Quite frankly, I don't know why people would write 1.000,1 instead of 1,000.1, especially if they're using numbers. You wouldn't do the same in maths, no matter what country you're from. It's completely off-the-wall.

Incidentally, the place I first learned about different separators in different countries was from the old Numbers control panel in good old Mac OS 7.
 
The decimal separator is a comma in the whole Europe and Russia, except in the UK. It's even called the decimal comma:
http://en.wikipedia.org/wiki/Decimal_mark

On the other hand, the thousands separator varies. Sometimes space is used, but the dot is also common. Apostrophe is not unheard of, either. In East Asia, decimals are grouped in 4 (myriads), not 3 (thousands), to mimic their language.

In Europe the unit is sometimes before the number. In Italy I've seen road signs such as km 10. Note that I grew up and graduated in Central Europe, but live in the US now.

To the curious: On your Mac, go to "System Preferences", "Language and Text", "Region" and have a look at all the different possibilities.
 
Everybody notice that the MP doesn't have a security slot?

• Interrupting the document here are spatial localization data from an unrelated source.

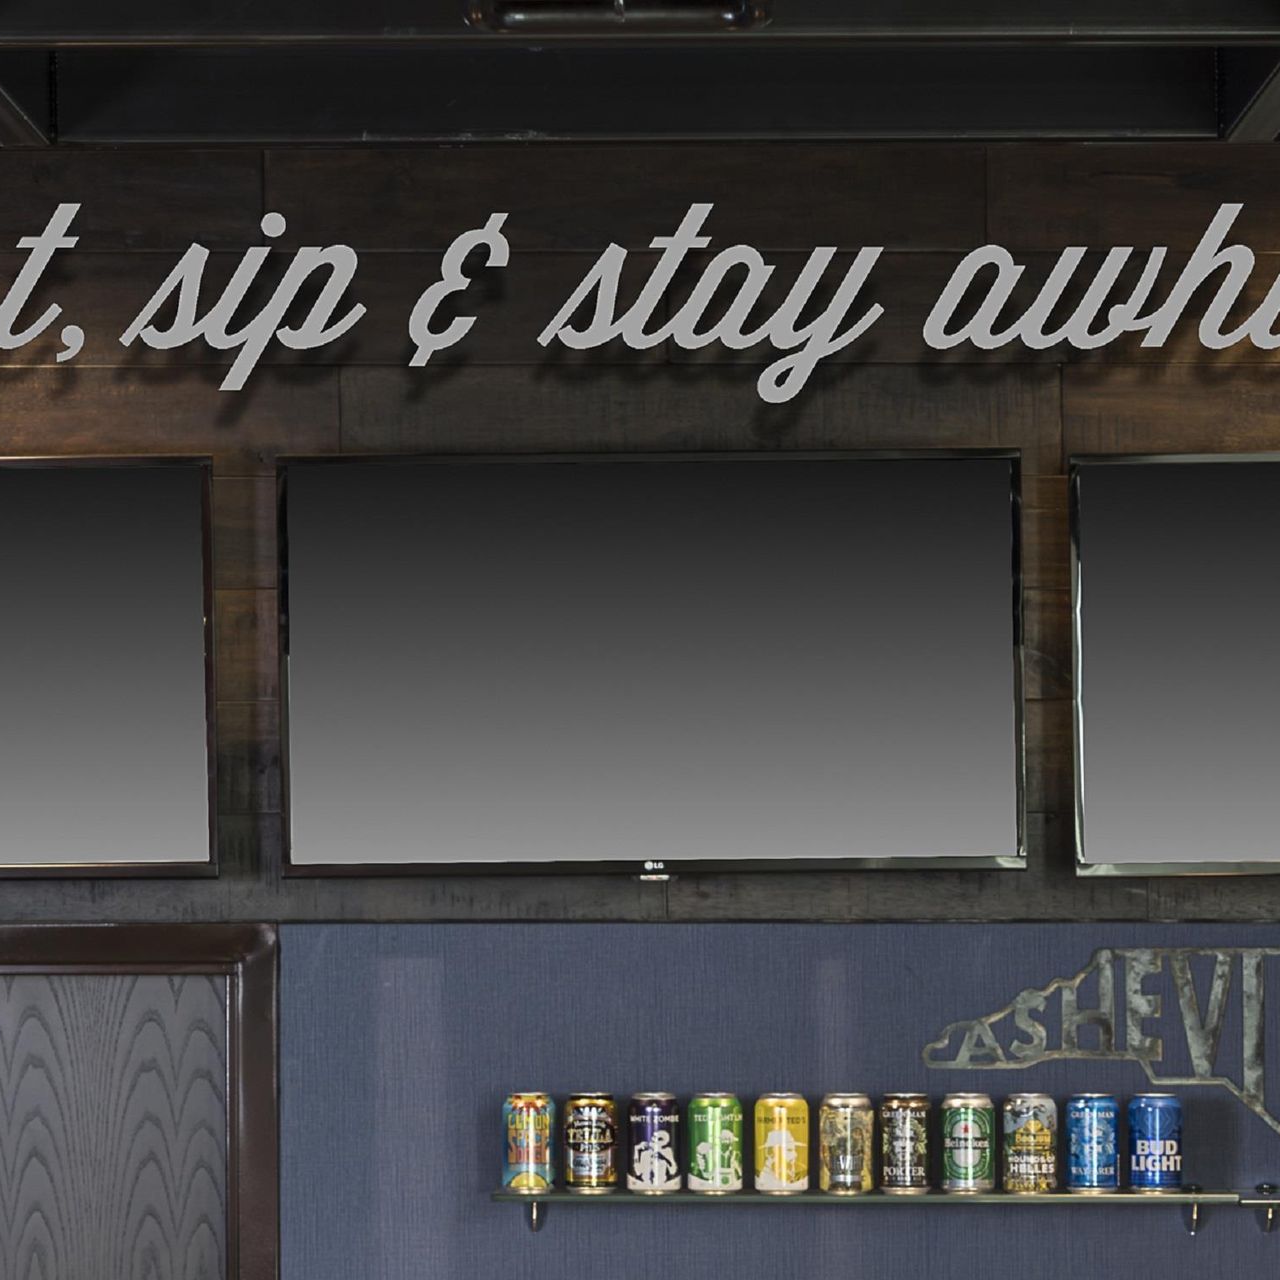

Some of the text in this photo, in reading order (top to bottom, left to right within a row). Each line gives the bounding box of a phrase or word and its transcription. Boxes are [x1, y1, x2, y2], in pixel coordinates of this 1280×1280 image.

[119, 212, 367, 391] sip
[408, 212, 510, 367] &
[537, 203, 885, 403] stay
[1136, 1140, 1178, 1155] BUD
[1010, 1163, 1055, 1174] HELLES
[1131, 1155, 1182, 1172] LIGHT

It's 11 pounds, pretty small--and no security slot.
 
the first official mention was via tim cook in 2012 and he said coming in 2013.. then wwdc narrowed it down to this fall (at which point the website and other promo materials used the word 'fall' on them).. then the october event said december.

Wrong. Watch the WWDC video, it says "later this year". No mention of fall in any of it, the first mention of fall was the version of the promo that showed in movie theatres which was a while after WWDC.
 
Wrong. Watch the WWDC video, it says "later this year". No mention of fall in any of it, the first mention of fall was the version of the promo that showed in movie theatres which was a while after WWDC.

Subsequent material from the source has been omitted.